After COVID-19: A Brave New World After COVID-19: A Brave New World

After COVID-19: A Brave New World

We closed our St Peters shop just over two weeks ago in response to COVID-19 and we're happy to report that our wolf pack is safe, virus free and working diligently to produce your online orders without delay.

The world has fundamentally changed since then as governments scramble madly to avert the economic disaster barrelling down the slipstream of the health crisis – and though we’re not yet out of the woods, we do know the virus will pass.

For our collective mental health we feel it's important to begin thinking about what the world looks like after lockdown and what changes are likely to survive long after the virus is contained.

Source Visual Capitalist



Revenue is definitely down but so far we’ve been one of the lucky ones here at Citizen Wolf.

Twin decisions made at the end of last year have placed us in the best possible position to ride out the crisis – namely closing the Haymarket shop and investing heavily in our website and Magic Fit® technology precisely so you didn’t need to come into store to buy custom-fit Tees with confidence.

We're also on a waiting list of local manufacturers wanting to help the NSW government by pivoting our production into Personal Protective Equipment (PPE) to help with estimated shortages. Sadly progress seems glacial considering the scale of the crisis but we're ready, willing and very much wanting to help.

Whilst the various stimulus packages here in Australia are very welcome and will help many businesses stay afloat (including our own), there’s no denying the next few months are going to be extremely tough.

Many of our favourite cafes, pubs, restaurants and brands will sadly not survive, and after we finally do manage to flatten the curve we’re going to emerge into a permanently changed reality.

It’s up to us to decide what this Brave New World is going to look like.



“Only a crisis - actual or perceived - produces real change. When that crisis occurs, the actions that are taken depend on the ideas that are lying around... [when] the politically impossible becomes the politically inevitable.” - Milton Friedman

Although it seems the entire world right now is magically flush with cash / having a 30-day free trial of socialism, the stimulus taps will turn off and it’s in the ensuing void that we’ll see what ideas have been ‘lying around’ Canberra.

If there’s one lesson to draw from the last 40 years of neoliberal economic doctrine it’s that good crises are never wasted by those in power with a right-wing tilt and flexible ethics.

There’s every chance we emerge into a world defined by increasing inequality, increasing environmental destruction and a further dismantling of the welfare state that has defined liberal democracies since the Great Depression.

If you’ve got 8 minutes, this video by Naomi Klein outlines it neatly:

But it doesn’t have to be this way.

There are plenty of other ideas ‘lying around’ like a Green New Deal or Doughnut Economics that can fundamentally change our world for the better.

And it’s our sincere hope that we use this opportunity to create that world for ourselves, our children and more importantly for those that have been left behind in the dust-bowl towns along the capitalism highway.

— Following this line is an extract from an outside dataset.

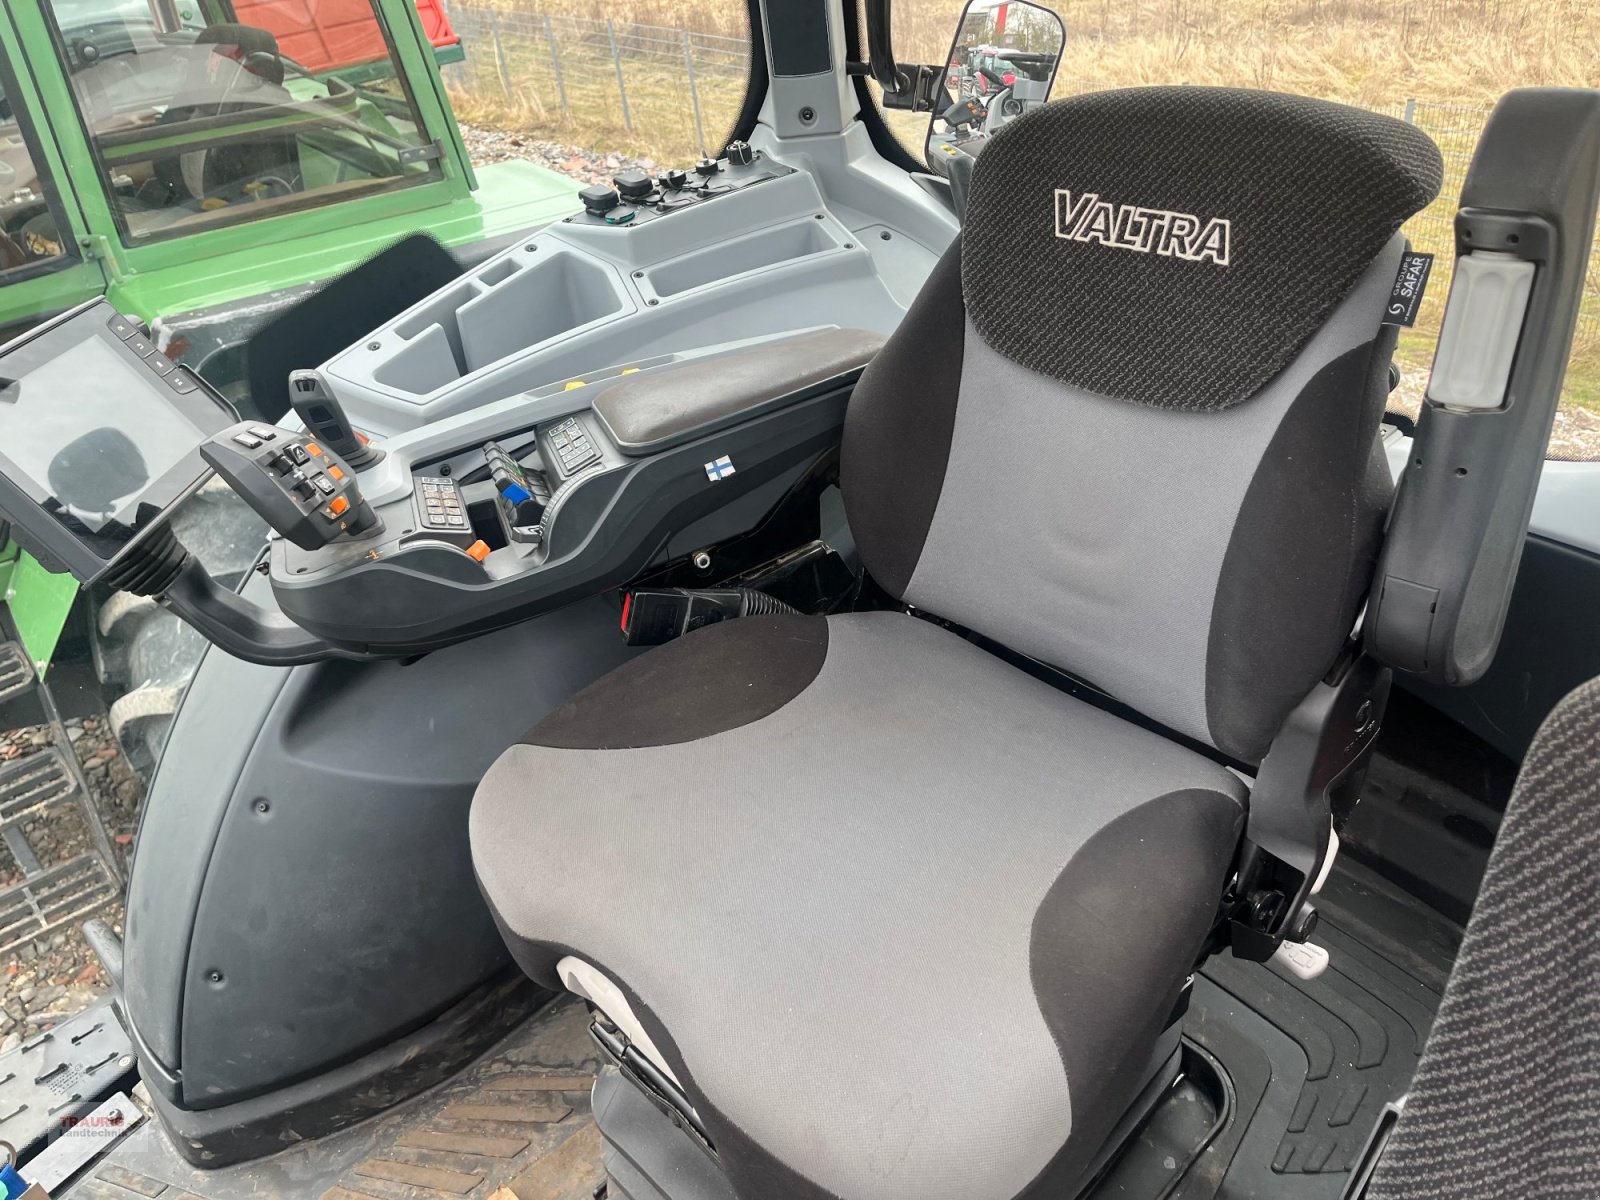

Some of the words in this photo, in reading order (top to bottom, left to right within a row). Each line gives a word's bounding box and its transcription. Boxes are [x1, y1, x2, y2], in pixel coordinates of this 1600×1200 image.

Regardless of which ideas that have been ‘lying around’ get picked up by ScoMo, what’s unequivocal is that people are going to be far more conscious about what they buy and why post-COVID.

Behaviour change is usually exceedingly difficult and notoriously slow. The exception to that rule would seem to be during crises when seemingly inconceivable change happens all of a sudden and with very little inertia. 

Thinking about buying only as much toilet paper as you actually need right now so that there’s some left on the shelf for the next person might seem trifling, but the cognitive framework of considering others before you buy is now ingrained and unlikely to subside quickly.

In the context of fashion, we believe there will be a shift towards considering more than price and ego when buying clothes – ethical, environmental and also geographic issues are going to play a bigger role in purchase decisions.

Lucky for us that’s exactly what we’ve been selling since Day 1 at Citizen Wolf – that a better way of making clothes is possible: ethically certified, 48% less carbon emissions per garment and made locally in Sydney using Aussie-made fabrics that keep jobs in this country.

We call it ‘smarter casual’. Harris Farm Markets (who we love) have the same ethos and call it ‘value with values’. Semantics aside the message is the same – we all have enormous power by voting with our wallets to create the world we want – and now more than ever that impact is likely to be amplified as conscious consumption moves into the mainstream. 

Horrible as COVID-19 will be, let’s make damned sure we come out the other side creating a better world rather than simply remaking the fundamentally broken version we blindly accepted up until just a few weeks ago.